Setting: Tertiary and quaternary care academic medical center.
Patients: Emergency department (ED) or admitted adult patients meeting best practice alert (BPA) criteria during pre- and post-BPA periods.
Methods: We developed a BPA to alert AS pharmacists of potential ASB triggered by the following criteria: ED or admitted status, antibiotic order with genitourinary indication, and a preceding urinalysis with ≤ 10 WBC/hpf. We evaluated the median time from antibiotic order to AS intervention and overall percent of UTI-related interventions among patients in pre-BPA (01/2020-12/2020) and post-BPA (04/15/2021-04/30/2022) periods.

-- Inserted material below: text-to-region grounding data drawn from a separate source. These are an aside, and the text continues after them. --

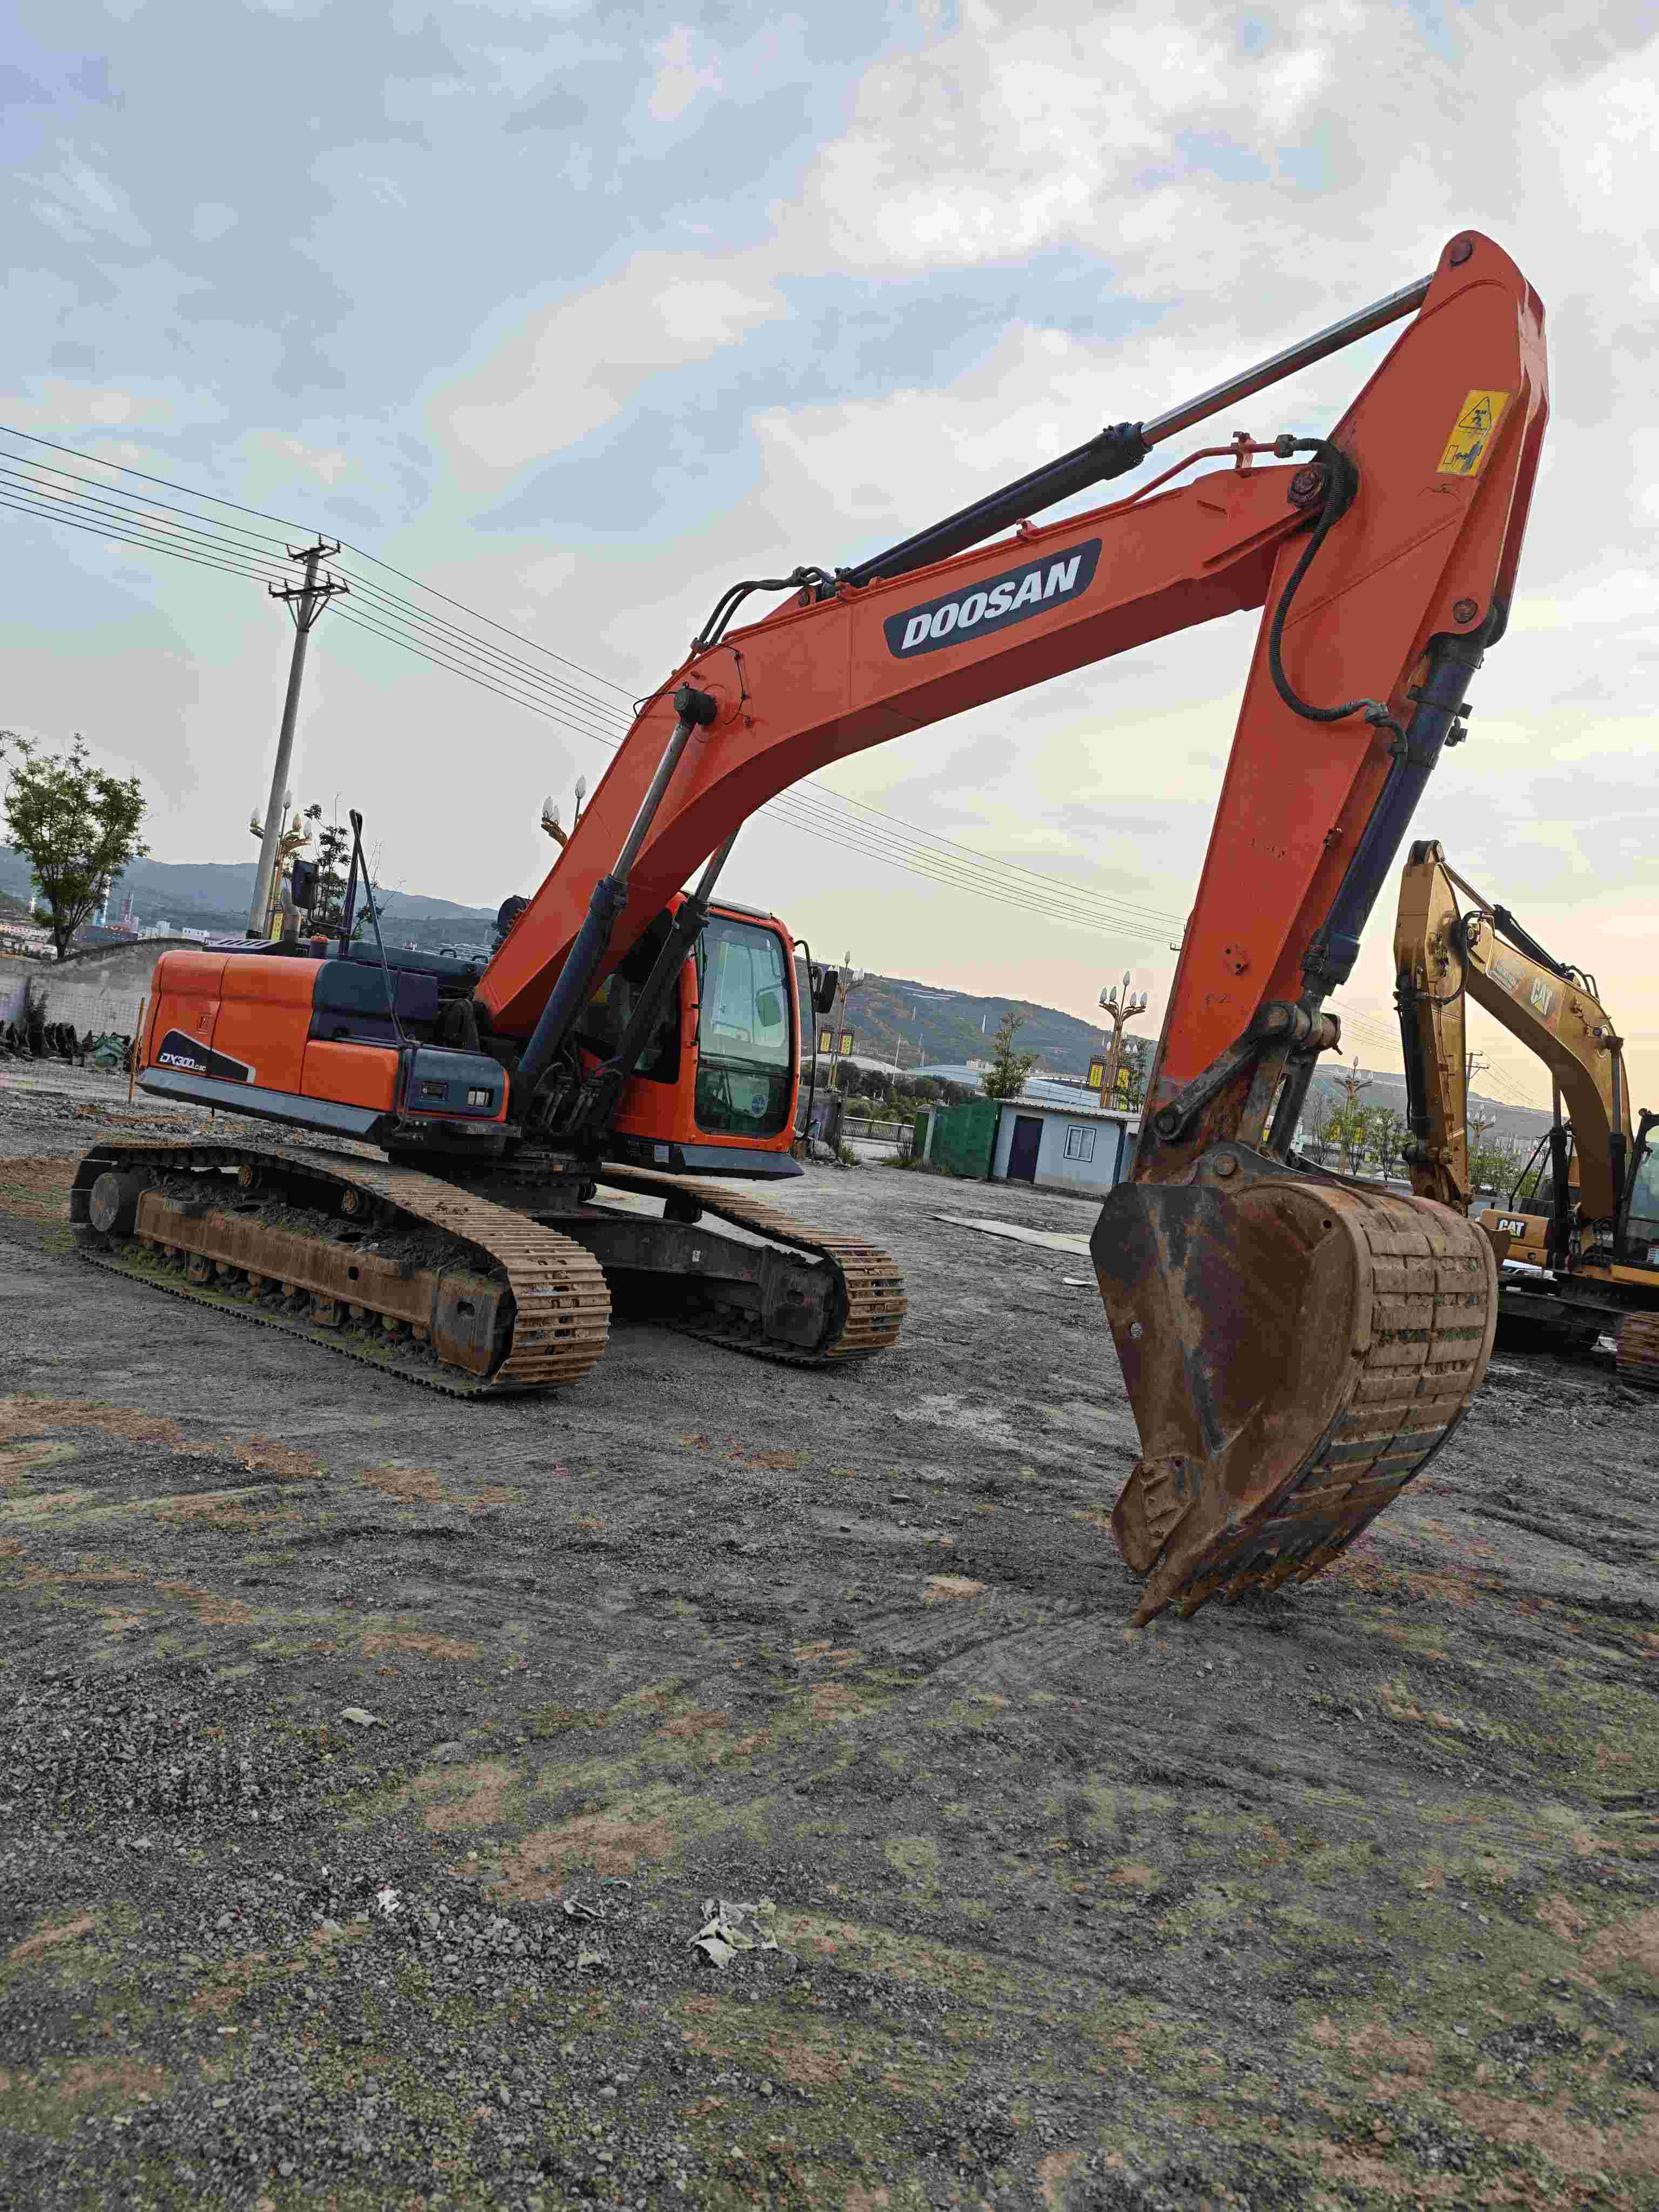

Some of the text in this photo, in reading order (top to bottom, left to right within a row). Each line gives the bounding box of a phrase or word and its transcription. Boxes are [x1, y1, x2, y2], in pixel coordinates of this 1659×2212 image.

[901, 555, 1082, 650] DOOSAN
[1531, 977, 1552, 1015] CAT
[1499, 1219, 1525, 1236] CAT
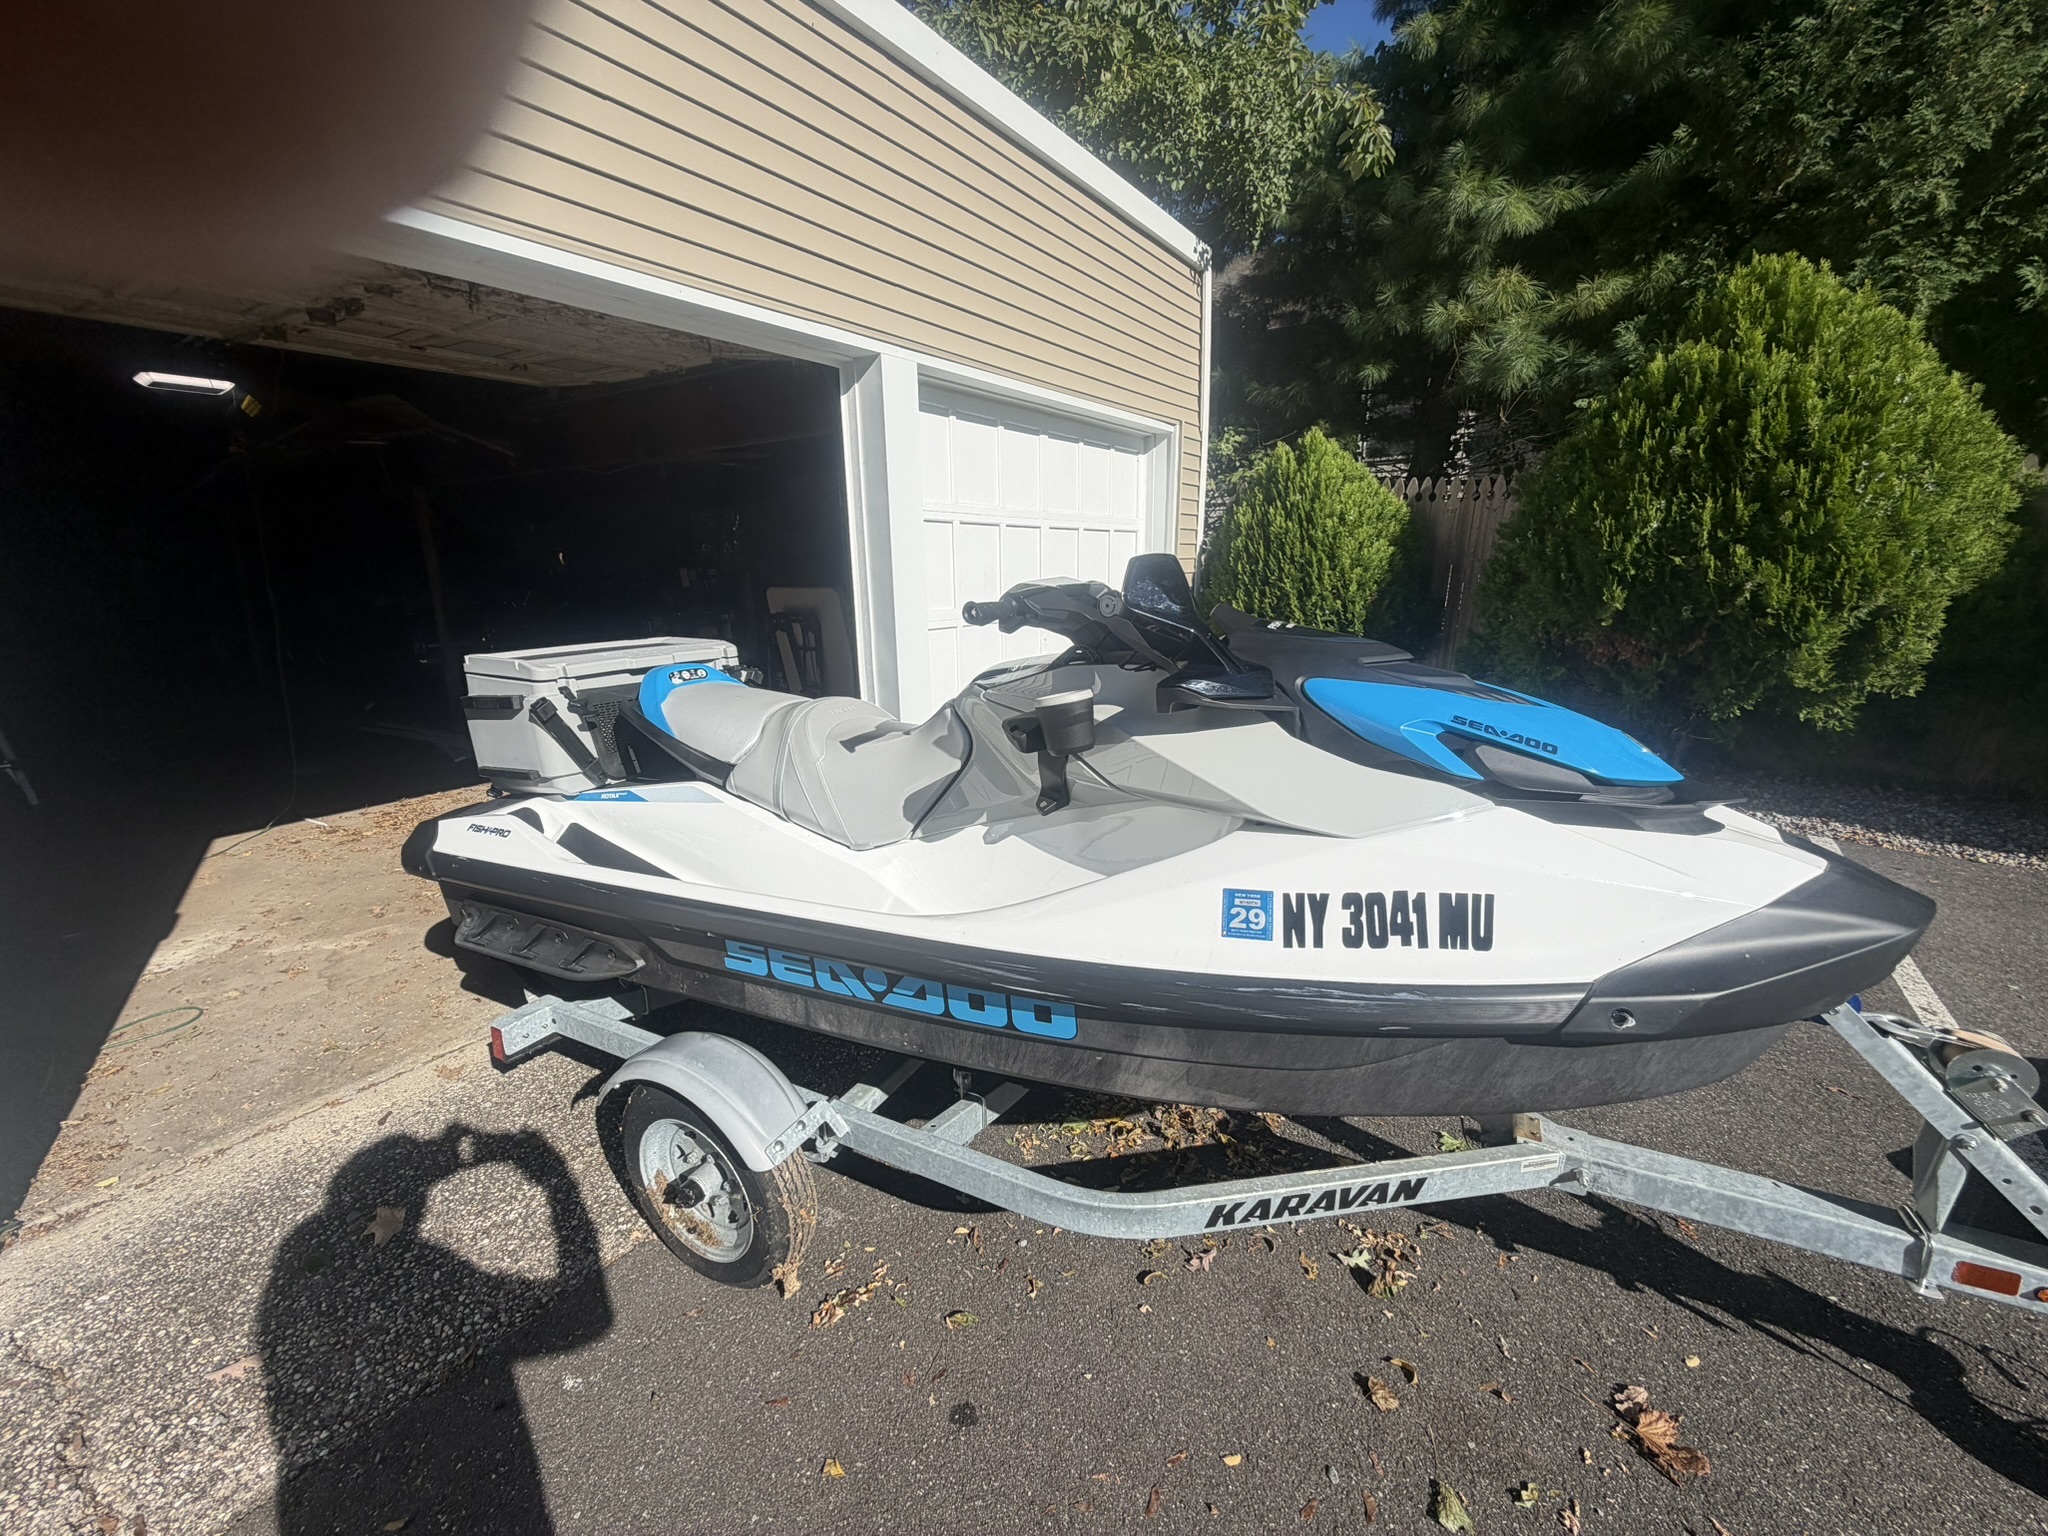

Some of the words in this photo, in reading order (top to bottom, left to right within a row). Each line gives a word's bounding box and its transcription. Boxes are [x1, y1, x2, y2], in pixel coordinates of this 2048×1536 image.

[1229, 907, 1266, 930] 29
[1282, 892, 1330, 949] NY
[1341, 890, 1429, 949] 3041
[1438, 892, 1495, 952] MU
[1204, 1177, 1428, 1229] KARAVAN

Results: 774 antibiotic orders met inclusion criteria: 355 in the pre- and 419 in the post-BPA group. 43 (35 UTI-related) pre-BPA and 117 (94 UTI-related) post-BPA interventions were documented. The median time to intervention was 28 hours (IQR 18-65) in the pre-BPA group compared to 16 hours (IQR 2-34) in the post-BPA group (P < 0.01). Despite absent pyuria, there were six cases with gram-negative bacteremia presumably from a urinary source.
Conclusions: Automated identification of antibiotics targeting UTI without pyuria on urinalysis reduced the time to stewardship intervention and increased the rate of UTI-specific interventions. Clinical decision support aided in the efficiency of AS review and syndrome-targeted impact, but cases still required AS clinical review.